Random variables X and N have joint distribution, defined up to a constant of proportionality,
$f(x,n) \propto \frac{e^{-3x}x^n}{n!}$ for $n=0,1,2,...$ and $x>0$. Note that X is continuous and N is discrete.
The question is implement a Gibbs sampler to sample from this distribution.
But I don't understand the solution :
The conditional distribution of $N$ given $X = x$ is proportional to $x^n/n!$, which is a Poisson distribution with parameter $x$.
The conditional distribution of $X$ given $N = n$ is proportional to $e^{−3x}x^n$, which is a gamma distribution with parameters $r = n + 1$ and $\lambda = 3$.
How to get the two above conditional distribution?
The solution also said
$$p(x,n)=\frac{e^{−3x}x^n}{n!} / \int_0^\infty \Sigma_{n=0}^\infty \frac{e^{−x}x^n}{n!} dx= 2 \frac{e^{−3x}x^n}{n!}$$
I don't understand above.
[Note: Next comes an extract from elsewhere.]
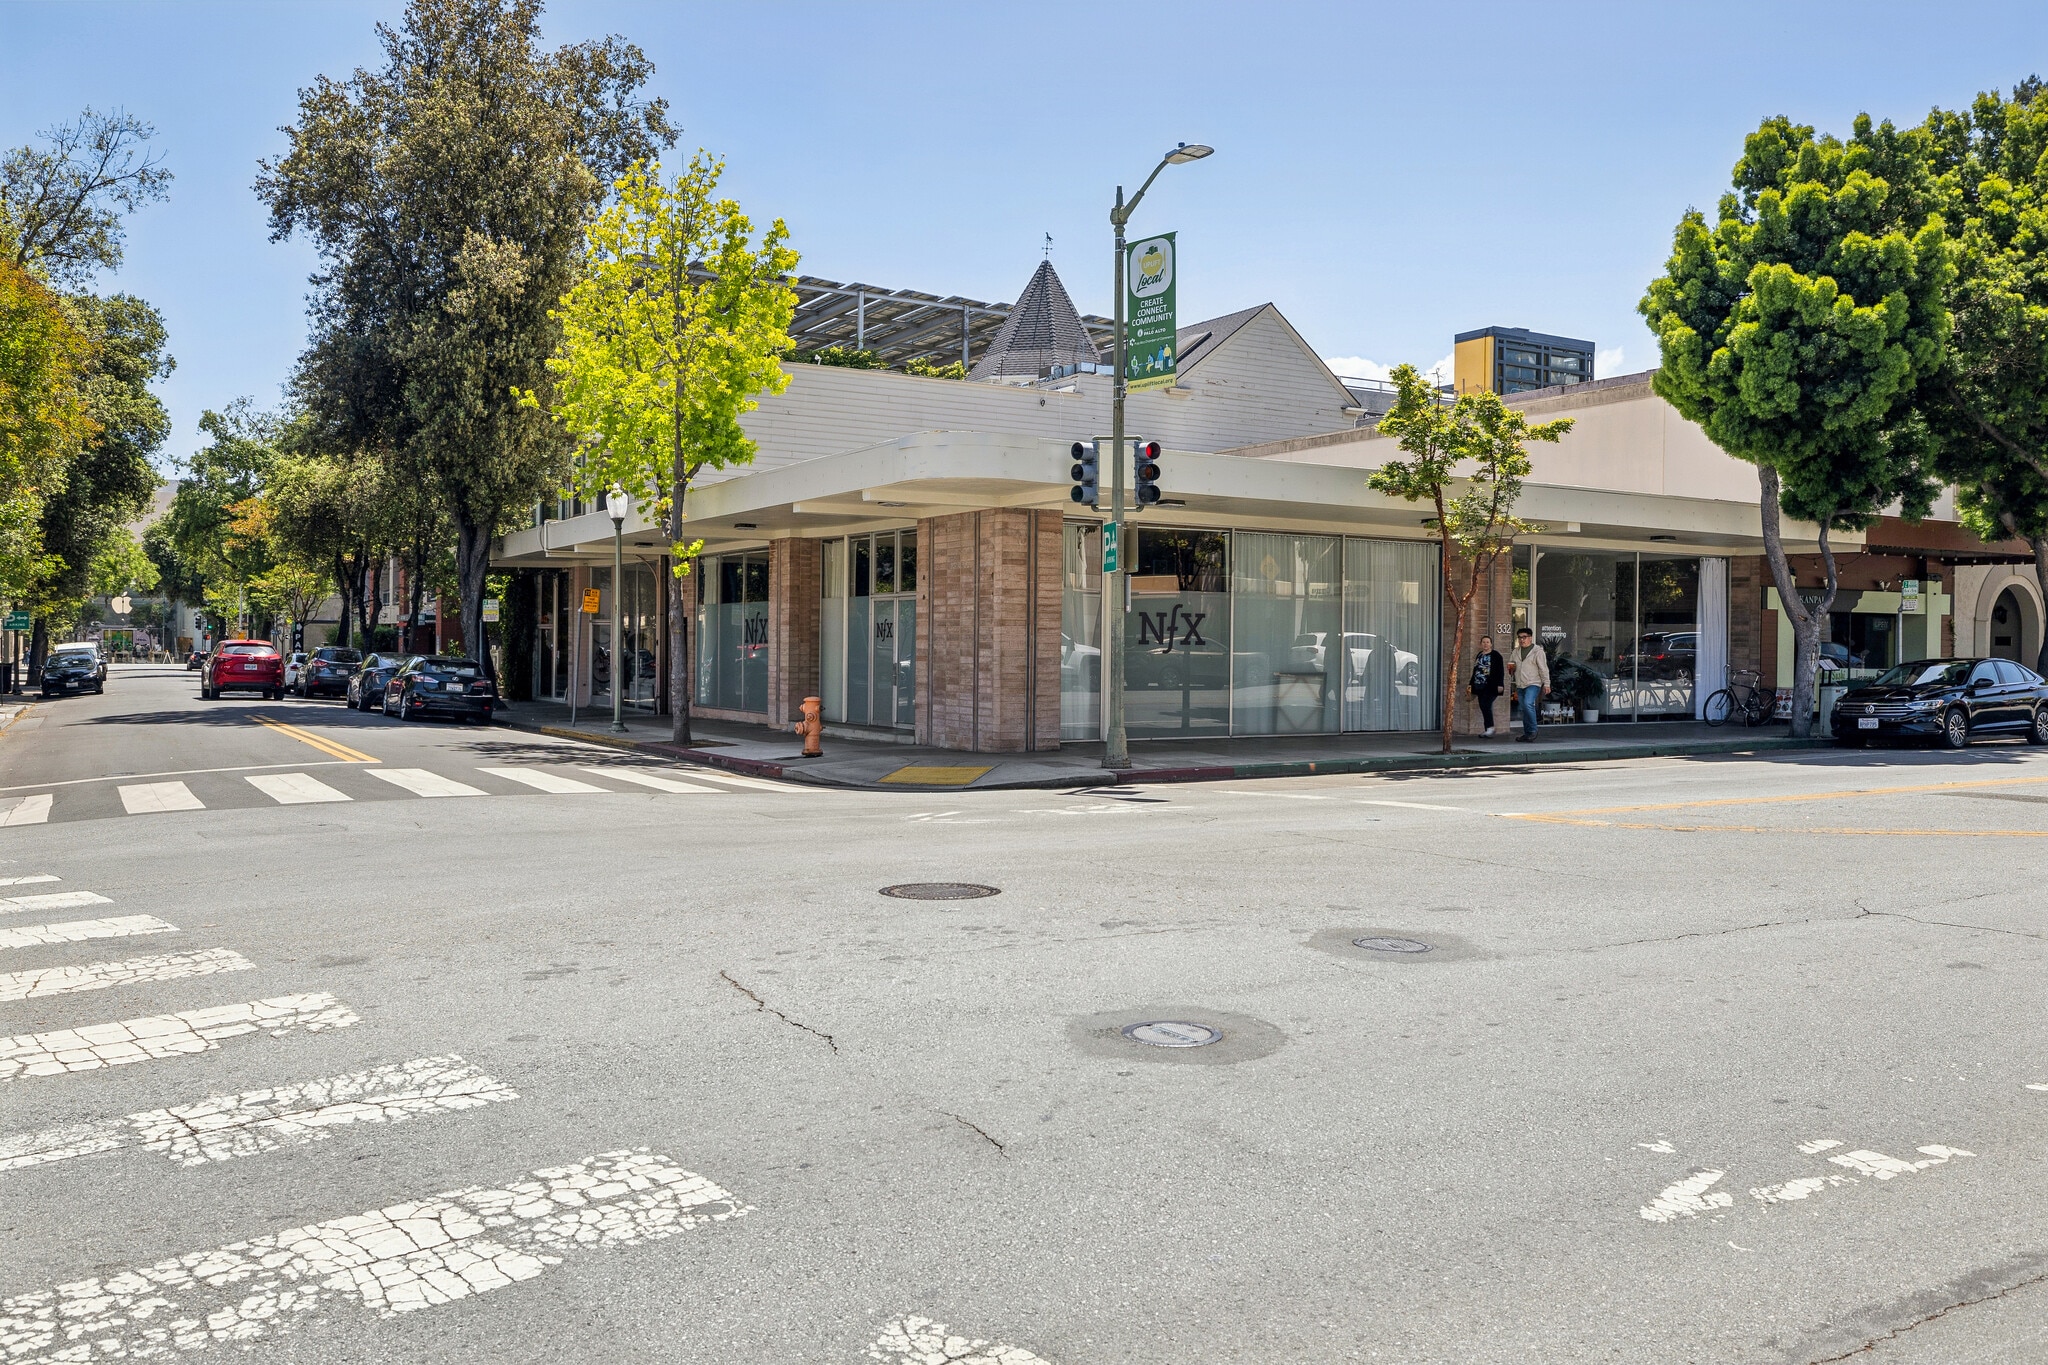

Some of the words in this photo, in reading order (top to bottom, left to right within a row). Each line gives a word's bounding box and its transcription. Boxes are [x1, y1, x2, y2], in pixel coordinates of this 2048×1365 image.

Where does 2 come from?
I can only recognize that $f(x,n)$ has the kernel of Poisson ($3x$).
Note $$p(x,n)=f(x,n)/\int_{\mathbb{R}}\sum_{n\in \mathbb{Z}_{>0}}f(x,n)dx$$ just normalizes $f(x,n)$ so that it represents a valid joint mass-density and integrates to one.
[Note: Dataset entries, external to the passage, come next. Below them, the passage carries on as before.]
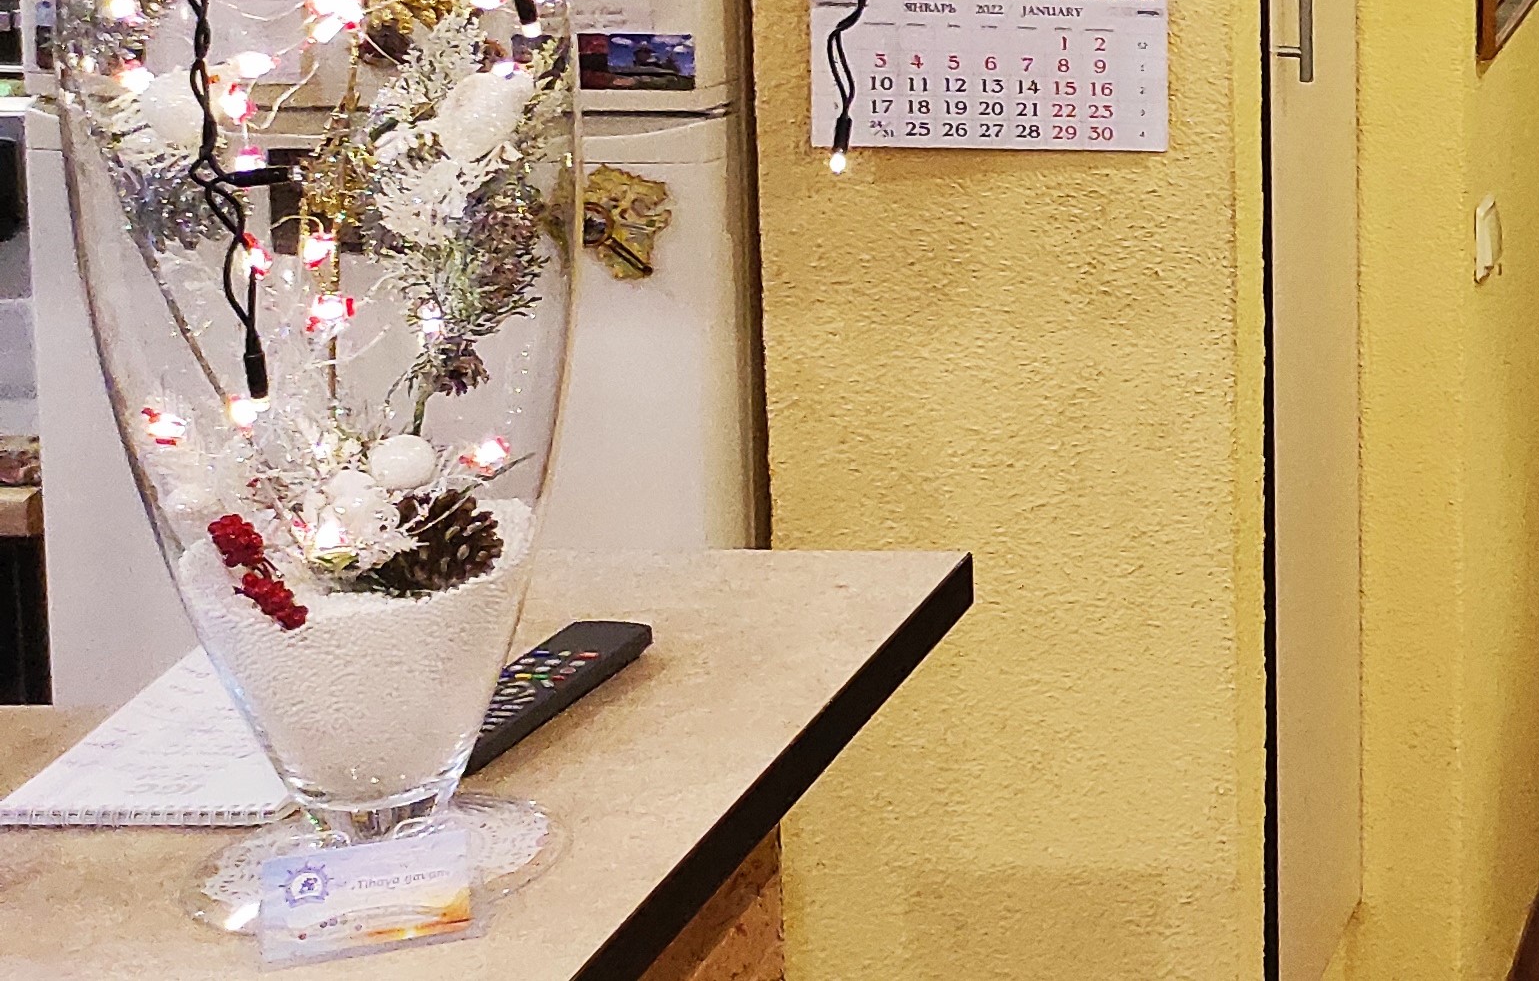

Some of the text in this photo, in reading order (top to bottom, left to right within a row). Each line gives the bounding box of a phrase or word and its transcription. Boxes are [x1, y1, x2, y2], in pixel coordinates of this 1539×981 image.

[904, 2, 1083, 18] ЯНВАРЬ 2022 JANUARY
[1061, 35, 1068, 51] 1
[1094, 37, 1106, 52] 2
[874, 53, 887, 68] 3
[910, 54, 924, 69] 4
[947, 55, 960, 70] 5
[984, 56, 998, 71] 6
[1021, 57, 1034, 72] 7
[1057, 58, 1070, 73] 8
[1093, 59, 1107, 74] 9
[870, 75, 893, 91] 10
[908, 77, 929, 92] 11
[944, 77, 967, 93] 12
[981, 78, 1004, 94] 13
[1017, 79, 1041, 95] 14
[1054, 80, 1077, 96] 15
[1090, 81, 1113, 97] 16
[871, 99, 893, 114] 17
[907, 99, 931, 115] 18
[943, 100, 968, 115] 19
[978, 101, 1004, 116] 20
[1015, 102, 1038, 117] 21
[1051, 103, 1076, 118] 22
[1088, 104, 1113, 119] 23
[905, 121, 931, 137] 25
[942, 122, 968, 138] 26
[979, 123, 1004, 138] 27
[1015, 124, 1041, 139] 28
[1052, 125, 1077, 140] 29
[1088, 126, 1113, 141] 30
The conditional mass function of $N$ given $X=x$ is proportional to
$${f(x,n) \over \sum_{n\in \mathbb{Z}_{>0}}f(x,n)}\propto f(x,n)\propto x^n/n!,$$
where $\propto$ in this context only accounts for terms depending on $n$ (taken $X=x$ as fixed).
The conditional density of $X$ given $N=n$ is proportional to
$${f(x,n) \over \int_{\mathbb{R}}f(x,n)dx}\propto f(x,n)\propto e^{-3x}x^n,$$
where $\propto$ in this context only accounts for terms depending on $x$ (taking $N=n$ as fixed).